Coser yang di acu oleh Novri Susan (2009:54) memberikan perhatian terhadap asal muasal konflik tersebut yang bersumber pada keagresifan atau permusuhan dalam diri orang. Perilaku permusuhan inilah yang menyababkan masyarakat mengalami konflik. Selain itu, Coser membedakan dua tipe dasar konflik yaitu konflik realistis dan non realistis. Konflik realistis menurut Coser memiliki sumber yang konkret atau bersifat material, seperti perebutan sumber ekonomi atau wilayah. Sedangkan konflik nonrealistis didorong oleh keinginan yang tidak rasional dan cenderung bersifat ideologis, konlik seperti ini biasanya terjadi antar agama, antaretnis dan lain sebagainya.

Salah satu pengertian konflik dikemukakan oleh Johnson dan Dunker (1993) yang di acu oleh Mitchell (2000) konflik adalah pertentangan antara banyak kepentingan, nilai, tindakan atau arah serta merupakan bagian yang menyatu sejak kehidupan ada. Karenanya konflik merupakan sesuatu yang tidak terelakkan yang dapat bersifat positif atau bersifat negatif.

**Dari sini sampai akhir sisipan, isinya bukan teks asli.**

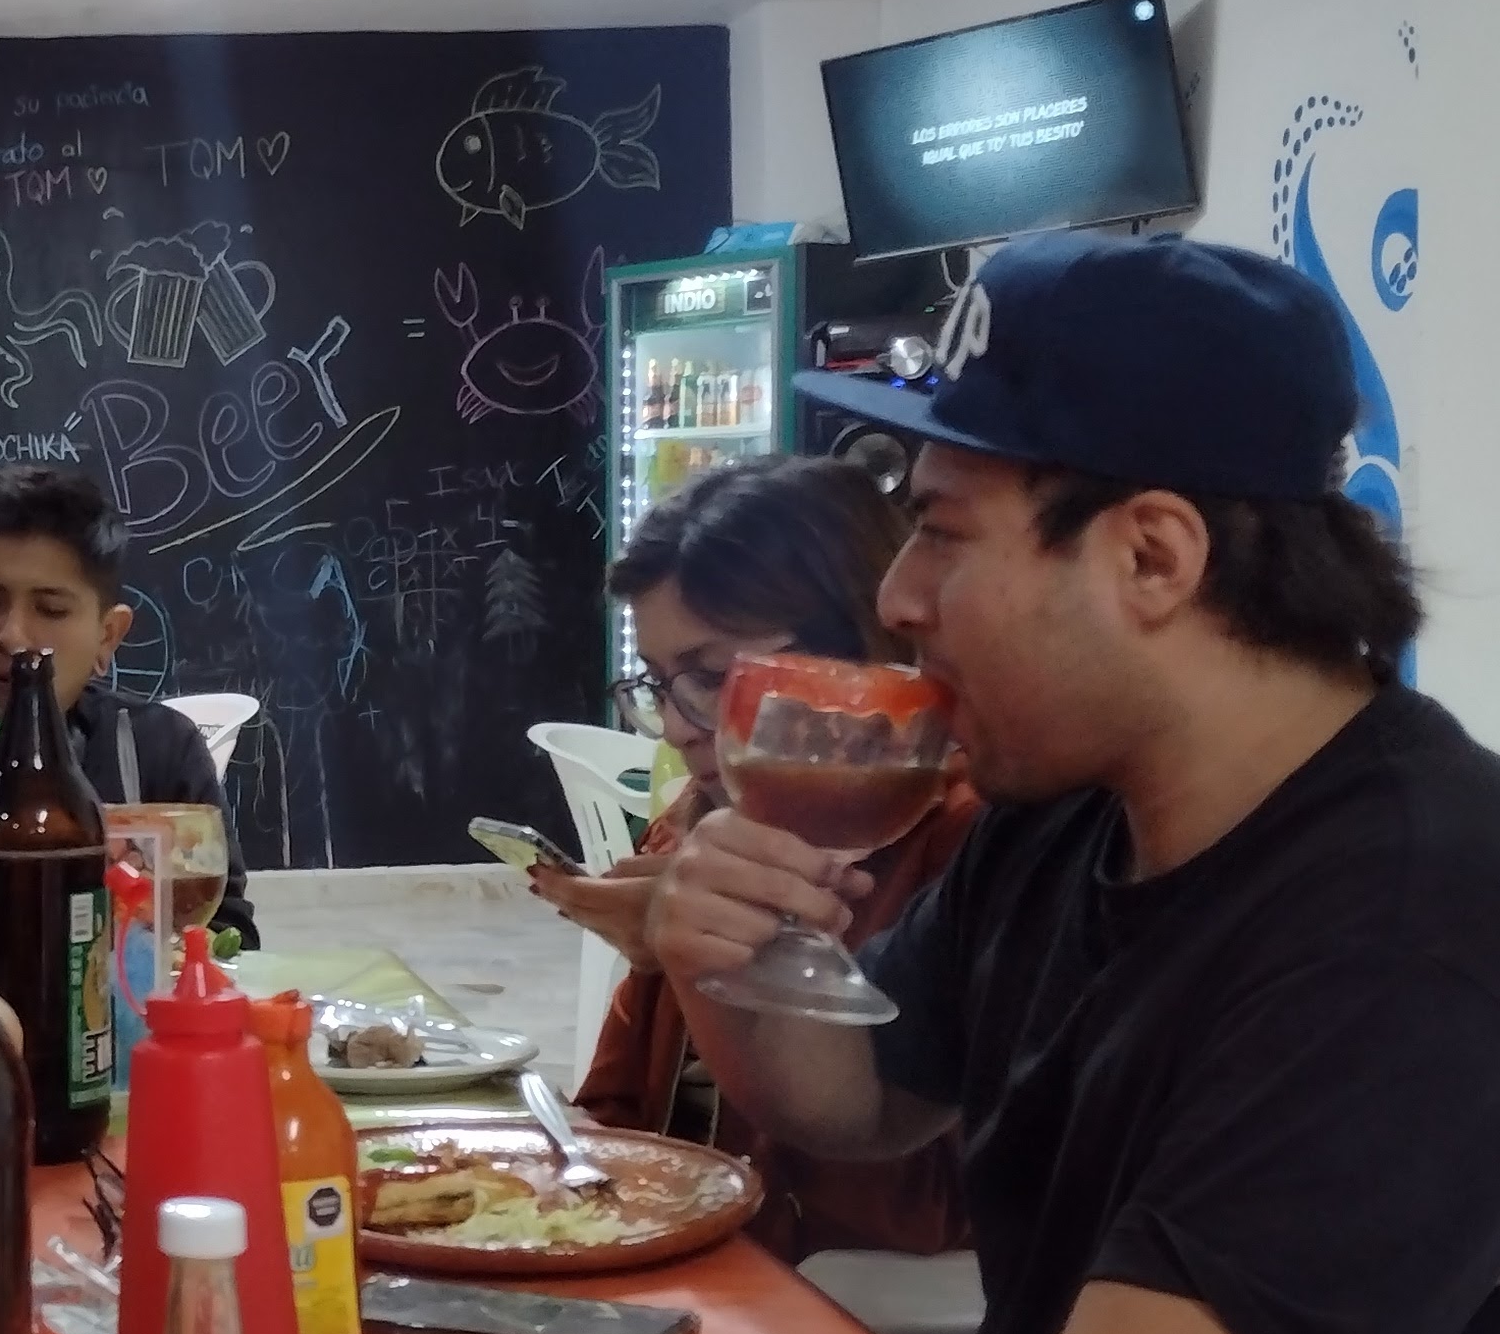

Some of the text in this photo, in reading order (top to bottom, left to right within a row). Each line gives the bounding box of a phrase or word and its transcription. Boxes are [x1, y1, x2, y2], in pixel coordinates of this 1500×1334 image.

[13, 96, 41, 116] su
[912, 96, 1088, 145] LOS ERRORES SON PLACERES
[61, 129, 83, 158] al
[145, 135, 246, 186] TQM
[922, 146, 959, 166] IGUAL
[959, 140, 986, 160] QUE
[1009, 131, 1035, 148] TUS
[4, 165, 72, 207] TQM
[664, 288, 717, 315] INDIO
[80, 316, 351, 538] Beer
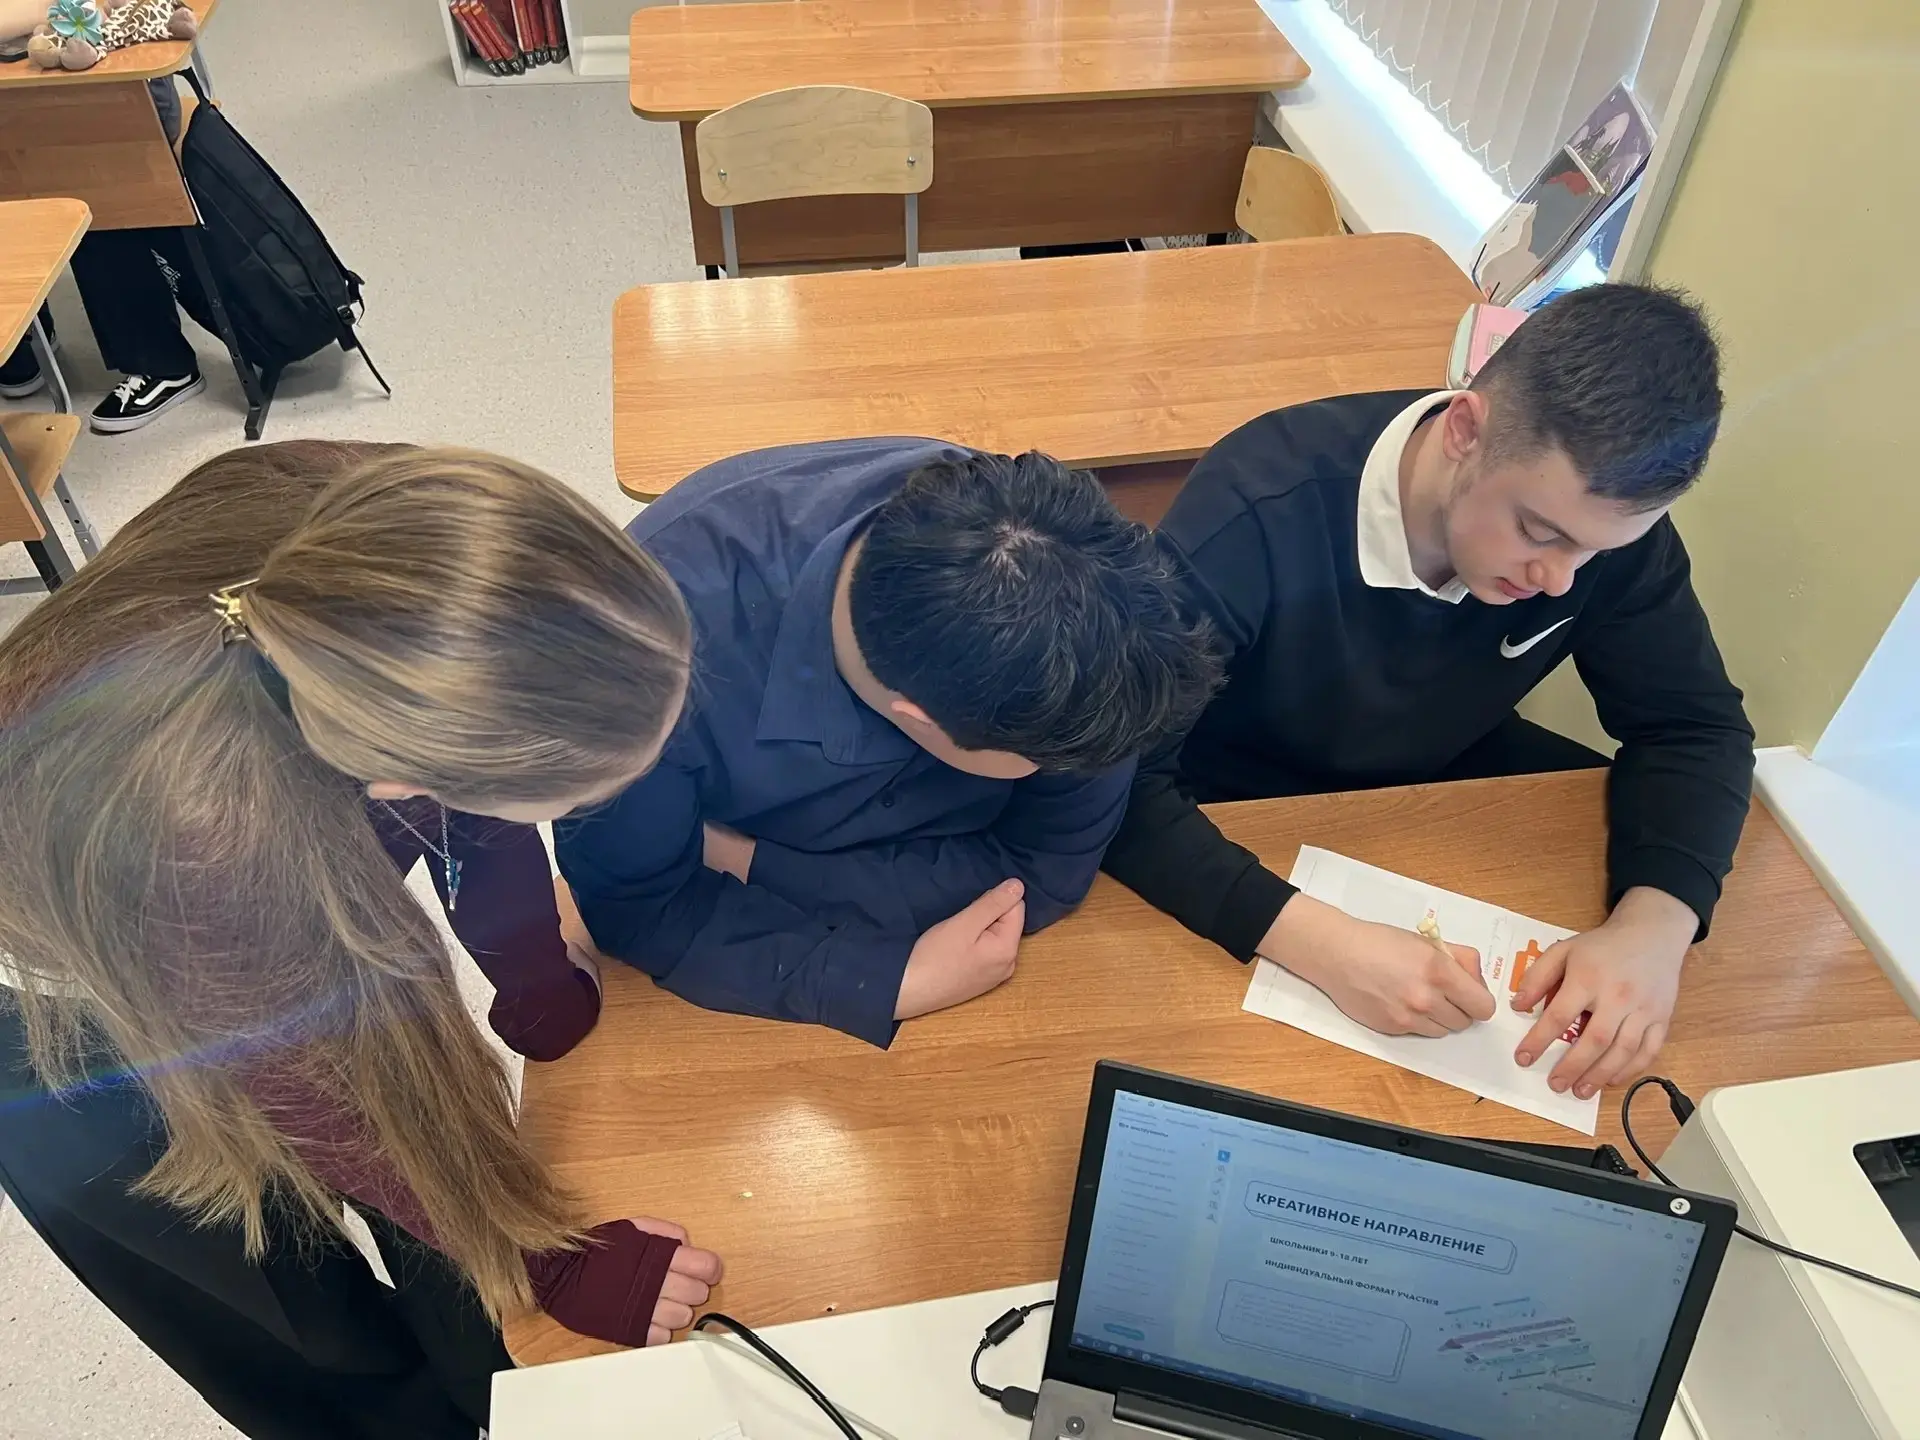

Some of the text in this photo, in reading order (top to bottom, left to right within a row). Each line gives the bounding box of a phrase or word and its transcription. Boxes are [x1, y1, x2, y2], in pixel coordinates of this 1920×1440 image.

2.2.1. Faktor-faktor Konflik

1. Perbedaan individu yang meliputi perbedaan pendirian dan perasaan.

Setiap manusia adalah individu yang unik. Artinya, setiap orang memiliki pendirian dan perasaan yang berbeda-beda satu dengan lainnya. Perbedaan pendirian dan perasaan akan sesuatu hal atau lingkungan yang nyata ini dapat menjadi faktor penyebab konflik sosial, sebab dalam menjalani hubungan sosial, seseorang tidak selalu sejalan dengan kelompoknya. Misalnya, ketika berlangsung pentas musik di lingkungan pemukiman, tentu perasaan setiap warganya akan berbeda-beda. Ada yang merasa terganggu karena berisik, tetapi ada pula yang merasa terhibur. 2. Perbedaan latar belakang kebudayaan sehingga membentuk

pribadi-pribadi yang berbeda.

Seseorang sedikit banyak akan terpengaruh dengan pola-pola pemikiran dan pendirian kelompoknya. Pemikiran dan pendirian yang berbeda itu pada akhirnya akan menghasilkan perbedaan individu yang dapat memicu konflik.

3. Perbedaan kepentingan antara individu atau kelompok Manusia memiliki perasaan, pendirian maupun latar belakang kebudayaan yang berbeda.

Oleh sebab itu, dalam waktu yang bersamaan, masing-masing orang atau kelompok memiliki kepentingan yang berbeda-beda. Kadang-kadang orang dapat melakukan hal yang sama, tetapi untuk tujuan yang berbeda-beda.

4. Perubahan-perubahan nilai yang cepat dan mendadak dalam masyarakat Perubahan adalah sesuatu yang lazim dan wajar terjadi, tetapi jika perubahan itu berlangsung cepat atau bahkan mendadak, perubahan tersebut dapat memicu terjadinya konflik sosial. Misalnya, pada masyarakat pedesaan yang mengalami proses industrialisasi yang mendadak akan memunculkan konflik sosial sebab nilai-nilai lama pada masyarakat tradisional yang biasanya bercorak pertanian secara cepat berubah menjadi nilai-nilai masyarakat industri. Nilai-nilai kekerabatan bergeser menjadi hubungan struktural yang disusun dalam organisasi formal perusahaan. Nilai-nilai kebersamaan berubah menjadi individualis dan nilai-nilai tentang pemanfaatan waktu yang cenderung tidak ketat berubah menjadi pembagian waktu yang tegas seperti jadwal kerja dan istirahat dalam dunia industri. Perubahan-perubahan ini, jika terjadi seara cepat atau mendadak, akan membuat kegoncangan proses-proses sosial di masyarakat, bahkan akan terjadi upaya penolakan terhadap semua bentuk perubahan karena dianggap mengacaukan tatanan kehiodupan masyarakat yang telah ada.